Het College wil wel aannemen dat het voor de modernisering van het bedrijf nodig was om een nieuwe stal te bouwen maar dat de uitbreiding van de dieraantallen die appellante voor ogen had, noodzakelijk was om de investering in een nieuwe stal rendabel te maken, is niet gebleken. Daarbij geldt bovendien dat de keuze voor een duurzame en milieuvriendelijke stal, een ondernemerskeuze is waarvan de hogere kosten, ook al zou van een economische noodzaak tot uitbreiding gebleken zijn, voor risico van appellante dient te blijven.

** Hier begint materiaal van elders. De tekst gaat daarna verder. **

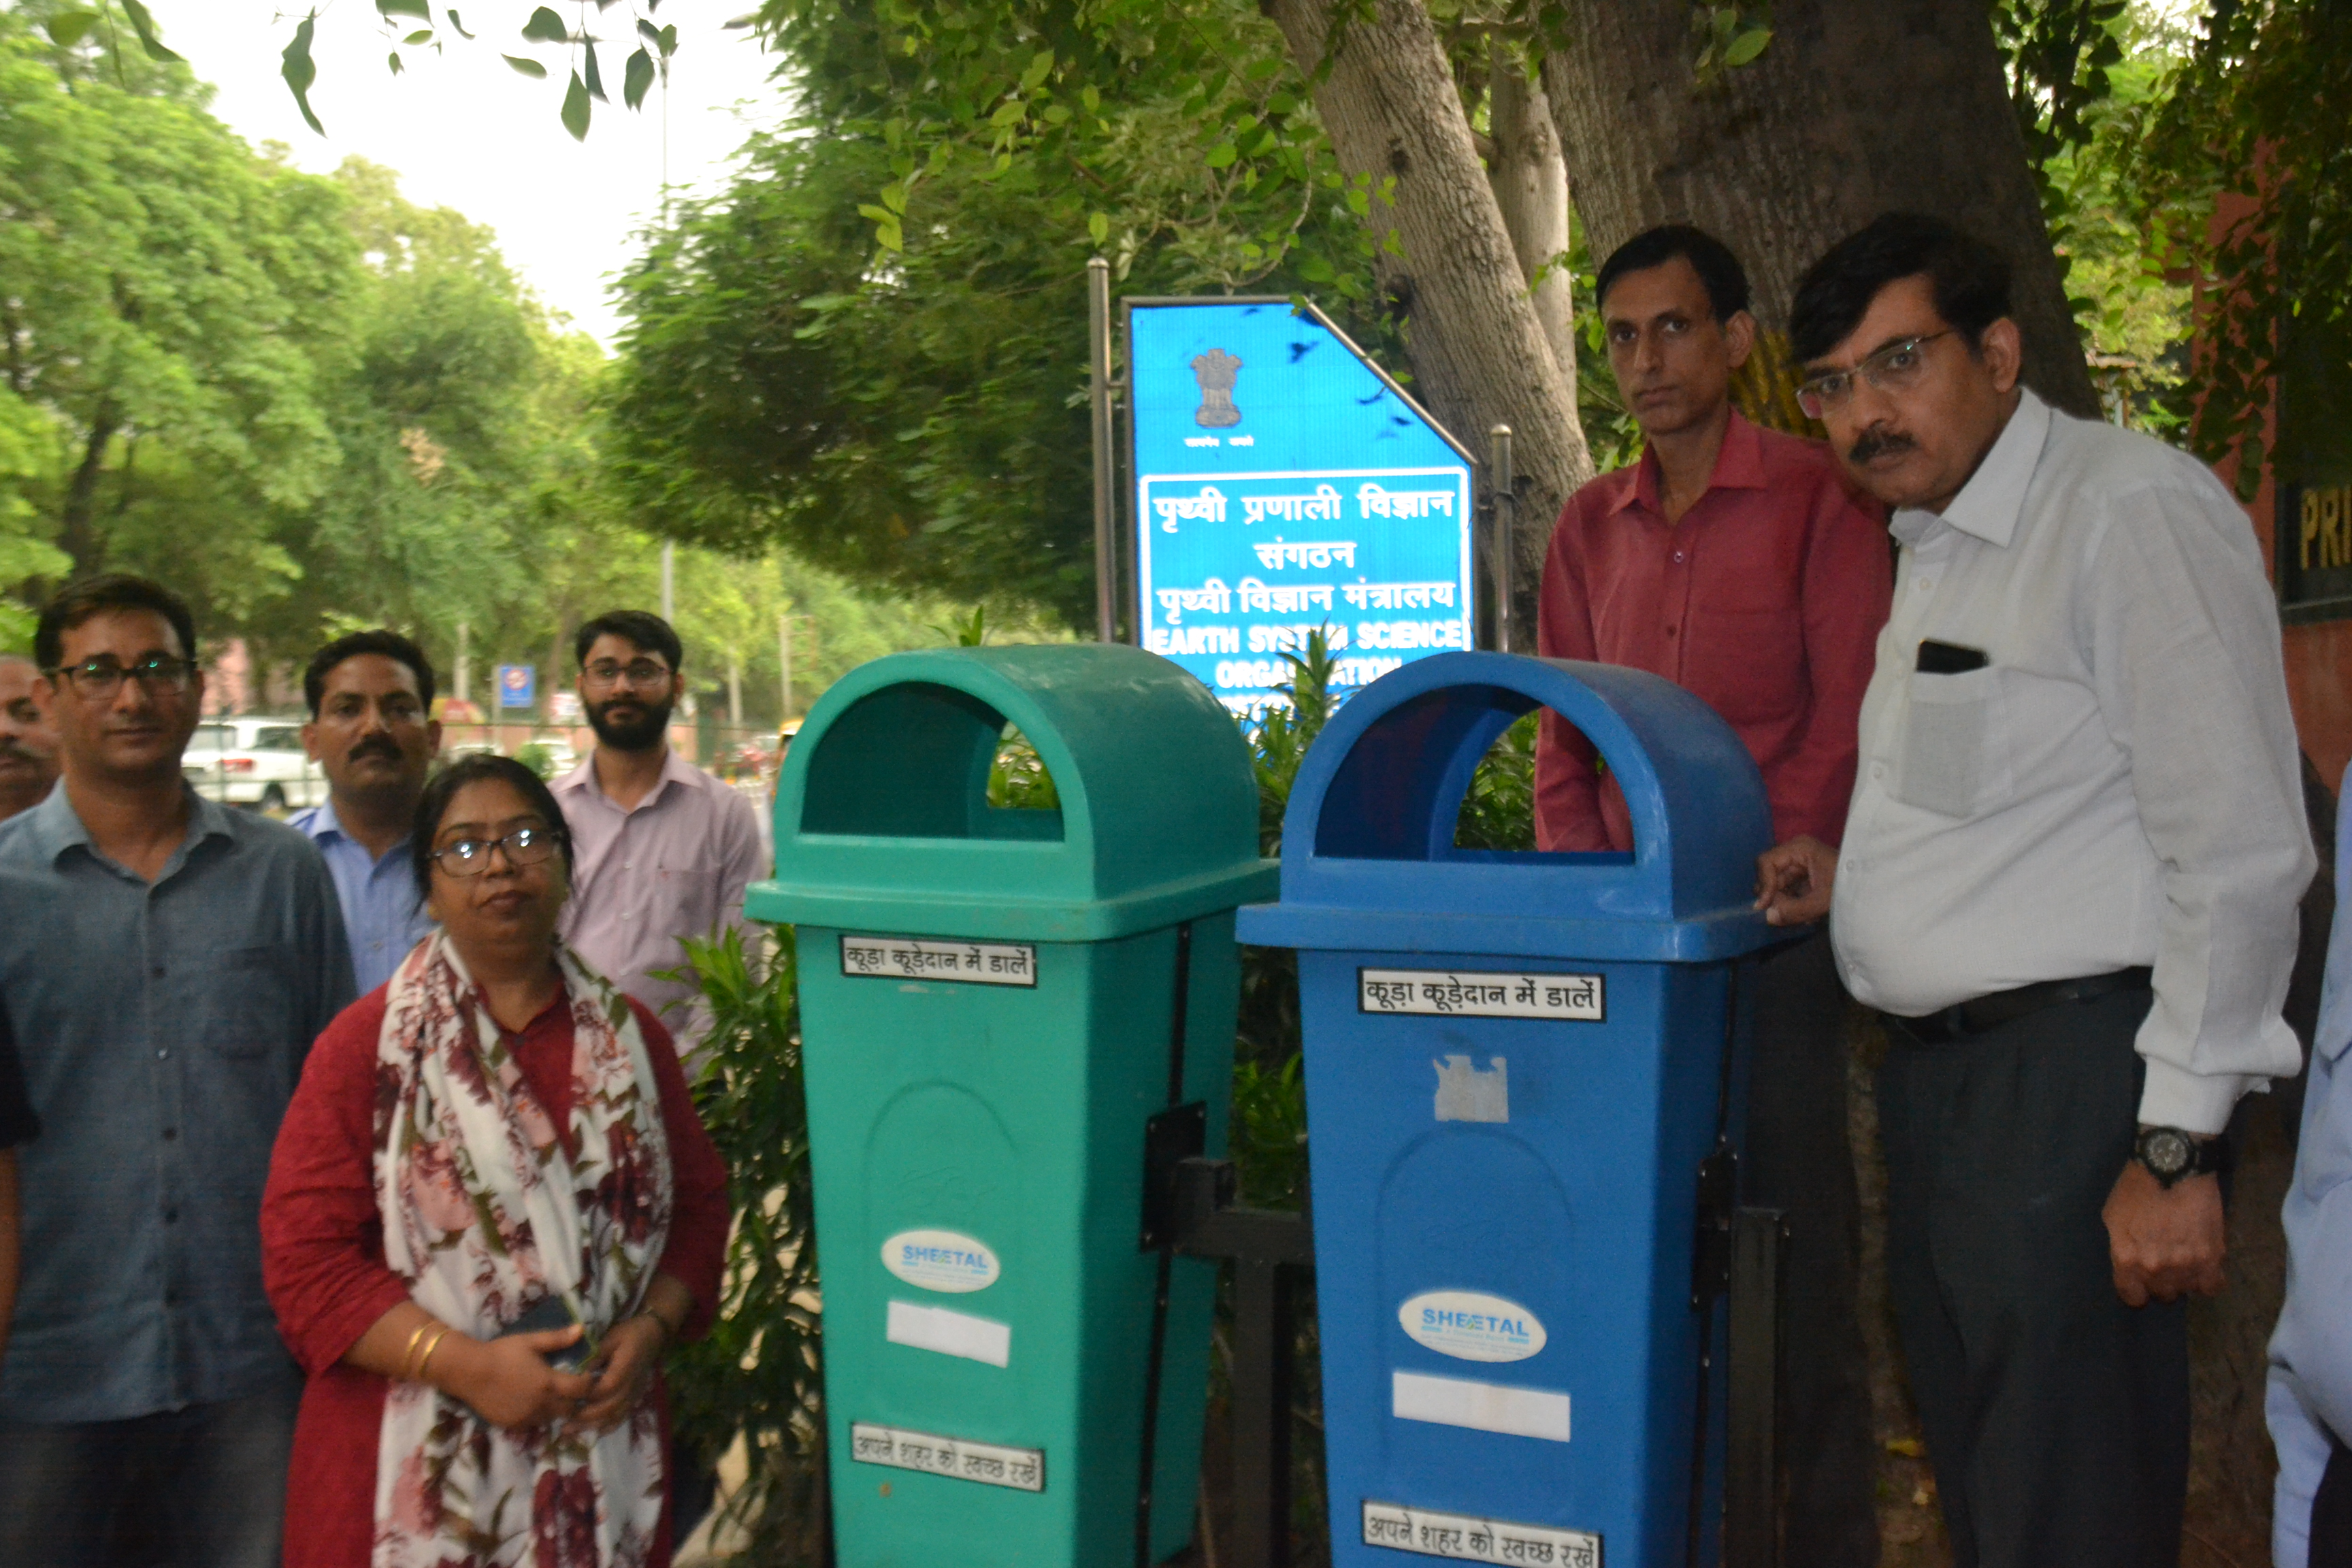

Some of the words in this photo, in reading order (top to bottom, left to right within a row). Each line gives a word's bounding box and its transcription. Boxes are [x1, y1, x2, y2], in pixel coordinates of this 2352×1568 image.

Het had voor melkveehouders al vanaf het moment dat bekend werd dat het melkquotum zou worden afgeschaft, in 2007, en bijgevolg een einde zou komen aan de begrenzing van mestproductie voor rundvee, redelijkerwijs duidelijk moeten zijn dat een ongeremde groei van de melkveehouderij niet mogelijk was en dat in verband met die afschaffing maatregelen te verwachten waren. Al vanaf 2013 is gewaarschuwd dat (dreigende) overschrijding van het fosfaatproductieplafond kon leiden tot productiebeperkende maatregelen, waaronder dierrechten. Ook daarna zijn in aanloop naar de afschaffing van het melkquotum nog verschillende soortgelijke waarschuwingen vanuit de markt en de overheid gevolgd. Appellante had daarom ten tijde van haar uitbreidingsplannen een zekere mate van voorzichtigheid kunnen en moeten betrachten en zich moeten realiseren dat de uitbreiding voor haar meer dan de gebruikelijke ondernemersrisico’s met zich zou brengen. Appellante is echter in weerwil van de aangekondigde productiebeperkende maatregelen blijven vasthouden aan de geplande groei.
6.3.7
De bescherming van het milieu en de volksgezondheid en het voldoen aan de verplichtingen die voortvloeien uit de Nitraatrichtlijn wegen in dit geval zwaarder dan de belangen van appellante. Het bestreden besluit is niet in strijd met artikel 1 van het EP.
Slotsom
7.1
Het beroep is ongegrond.
7.2
Voor een proceskostenveroordeling bestaat geen aanleiding.

Beslissing

Het College verklaart het beroep ongegrond.
Deze uitspraak is gedaan door mr. A.W.C.M. van Emmerik, in aanwezigheid van mr. T. Kuiper, griffier. De beslissing is in het openbaar uitgesproken op 19 januari 2021.